The last two papers return the reader’s attention more directly to the work of Alan Cameron once more. Roueché begins by describing how he came to write two of his early monographs, Porphyrius the Charioteer (1973) and Circus Factions: Blues and Greens at Rome (1975), inspired by the discovery of new inscriptions in honour of Porphyrius at Constantinople, then notes how many inscriptions relating to the circus factions have been discovered in the East outside of Constantinople since, appending a list of seventy-eight new inscriptions with some basic analysis as to the type of inscription and where they were found. Finally, Averil Cameron assesses the contribution made by her former husband to Byzantine studies, although I am not sure what the point of discussing a lengthy, unpublished paper on the foundation of Constantinople is (pp. 270-71) except to tantalize those of us who do not have access to it. One can only hope that it is published somewhere in due course.
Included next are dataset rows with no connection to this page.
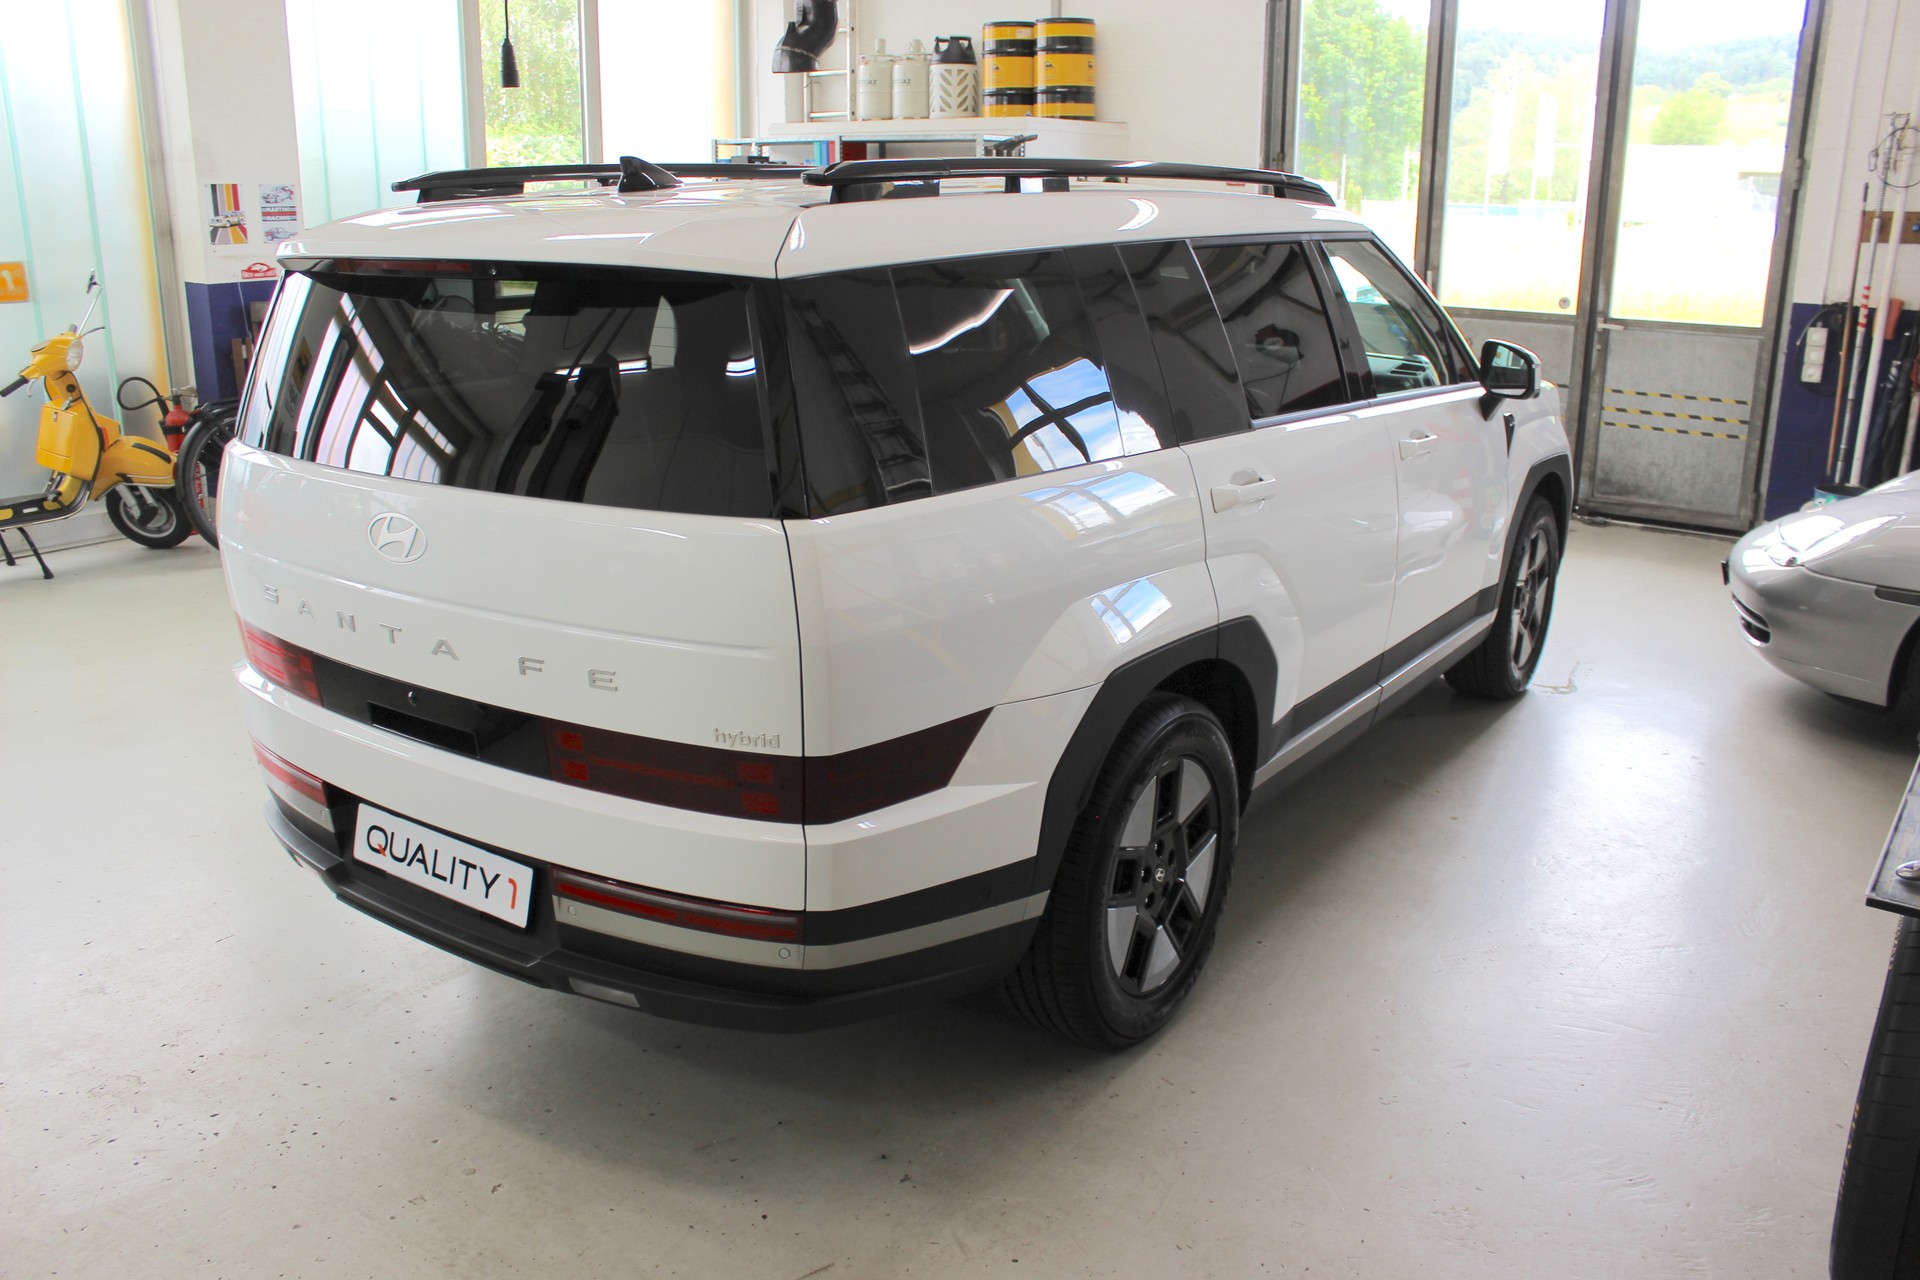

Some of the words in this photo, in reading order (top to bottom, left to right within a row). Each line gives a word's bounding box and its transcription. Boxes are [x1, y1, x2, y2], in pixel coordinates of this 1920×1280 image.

[264, 584, 460, 661] SANTA
[518, 655, 618, 692] FE
[714, 727, 781, 749] hybrid
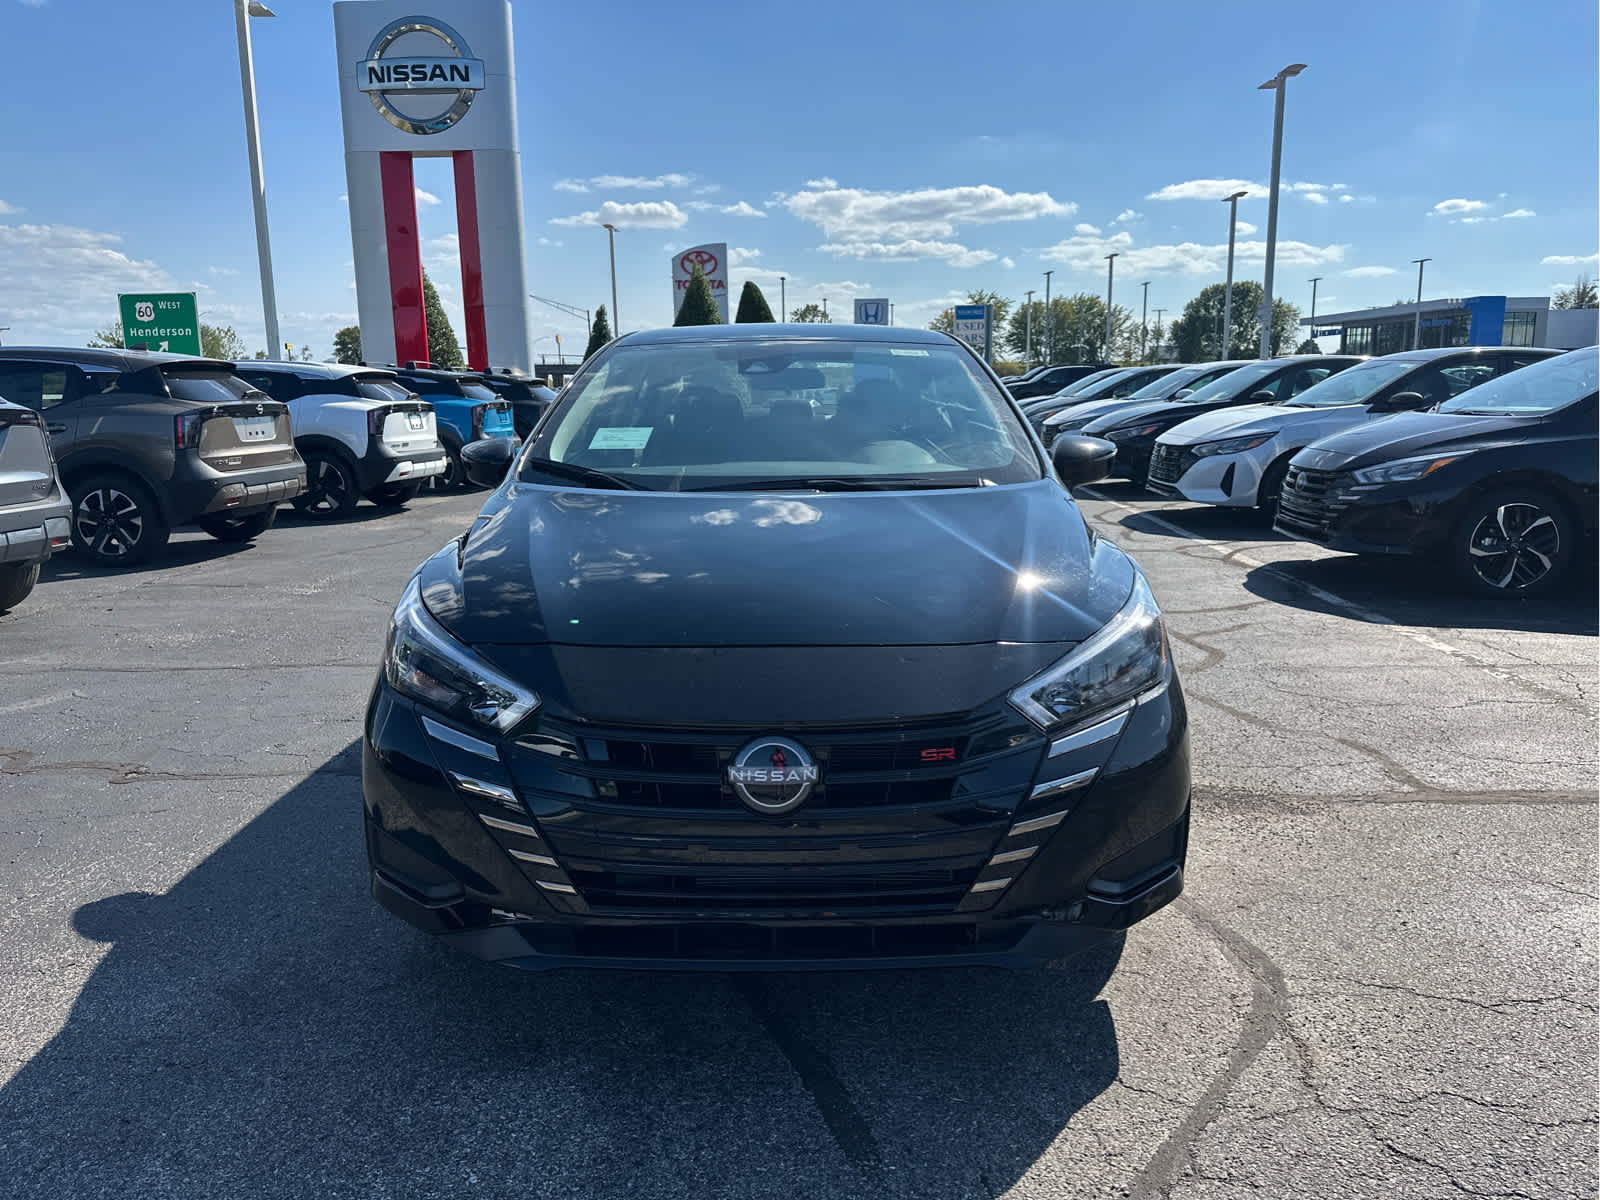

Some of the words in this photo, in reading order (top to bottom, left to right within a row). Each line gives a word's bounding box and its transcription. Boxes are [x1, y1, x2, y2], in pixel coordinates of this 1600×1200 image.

[368, 63, 470, 84] NISSAN
[675, 279, 725, 290] TOTA
[158, 301, 181, 309] WEST
[137, 305, 153, 318] 60
[129, 327, 192, 337] Henderson
[956, 321, 985, 331] USED
[920, 748, 955, 761] SR
[729, 768, 817, 782] NISSAN
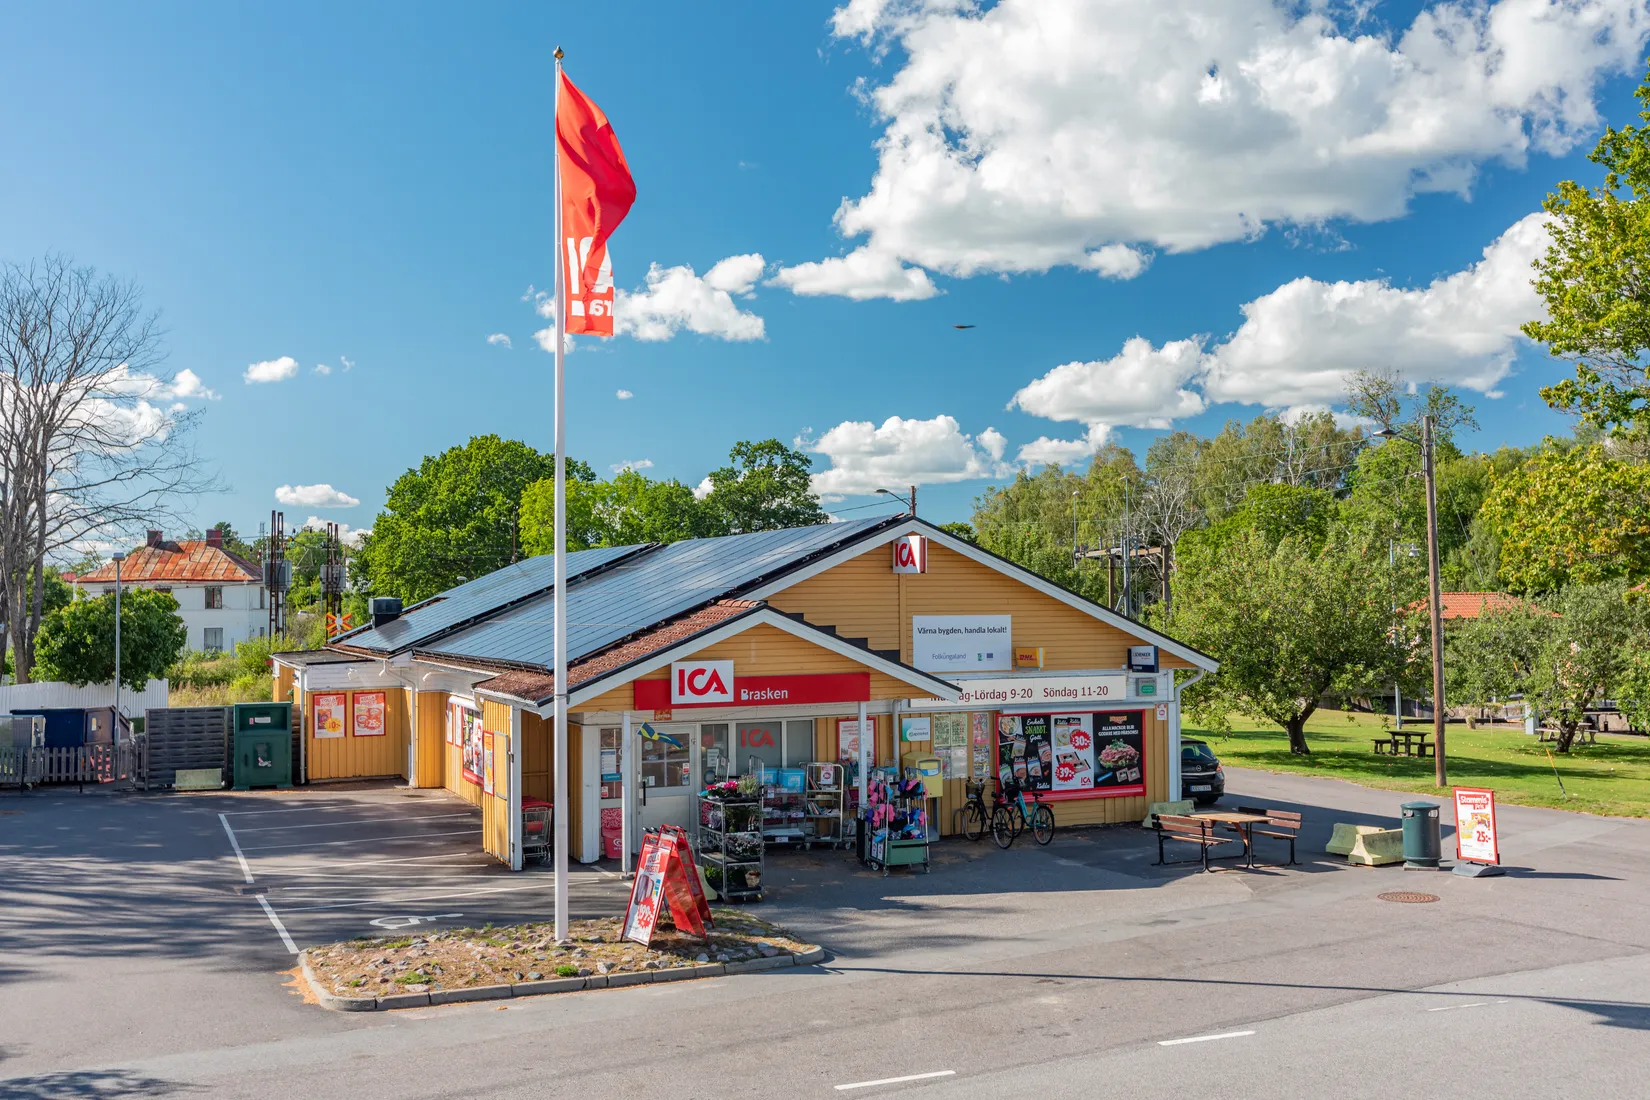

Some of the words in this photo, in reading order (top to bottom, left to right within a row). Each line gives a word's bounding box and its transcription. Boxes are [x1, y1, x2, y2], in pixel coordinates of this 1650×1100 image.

[895, 542, 917, 568] ICA
[917, 626, 937, 635] Värna
[938, 626, 964, 636] bygden,
[964, 626, 986, 634] handla
[987, 626, 1007, 634] lokalt!
[678, 667, 729, 697] ICA
[740, 687, 789, 701] Brasken
[931, 688, 1007, 702] ag-Lördag
[1010, 687, 1033, 699] 9-20
[1043, 687, 1078, 699] Söndag
[1081, 685, 1109, 697] 11-20
[741, 728, 776, 748] ICA
[1476, 830, 1491, 843] 25:-
This is a worthy memorial to one of the greatest scholars of Late Antiquity. While the wide-range of interests on display will probably deter many from buying it for their personal libraries, it certainly deserves a place in the library at any institution where the history and literature of Late Antiquity are taught.

Authors and titles

1. Alan Cameron and the Symmachi (Rita Lizzi Testa)
2. Fel Temp Reparatio and Themistius’ Oration 1: the story of an iconic coin and a career-defining panegyric (Edward Watts)
3. The Historia Augusta: minimalism and the adequacy of evidence (Michael Kulikowski)
4. Ambrose thinks with slavery (Noel Lenski)
5. Rutilius Namatianus, Melania the Younger, and the monks of Capraria (Gavin Kelly)
6. Late Antique Homeric exegesis in the Greek Anthology (Arianna Gullo)
7. Returning to the wandering poets: new poems by Dioscoros of Aphrodite (Jean-Luc Fournet)
8. The lost Farnesianus manuscript: uncial capitals for the bishops of Rome (Carmela Vircillo Franklin)
9. Late Antiquity between Sasanian East and Roman West: third-century imperial women as pawns in propaganda warfare (Anne Hunnell Chen)
10. Simony and the state: politics and religion in the Later Roman Empire (Michele Renee Salzman)
11. Stenographers in Late Antiquity: villains or victims? (Raffaella Cribiore)
12. Three questions about the ancient hospital (W.V. Harris)
13. Celebrity and power: Circus Factions forty years on (Charlotte Roueché)
14. Alan Cameron and Byzantium (Averil Cameron)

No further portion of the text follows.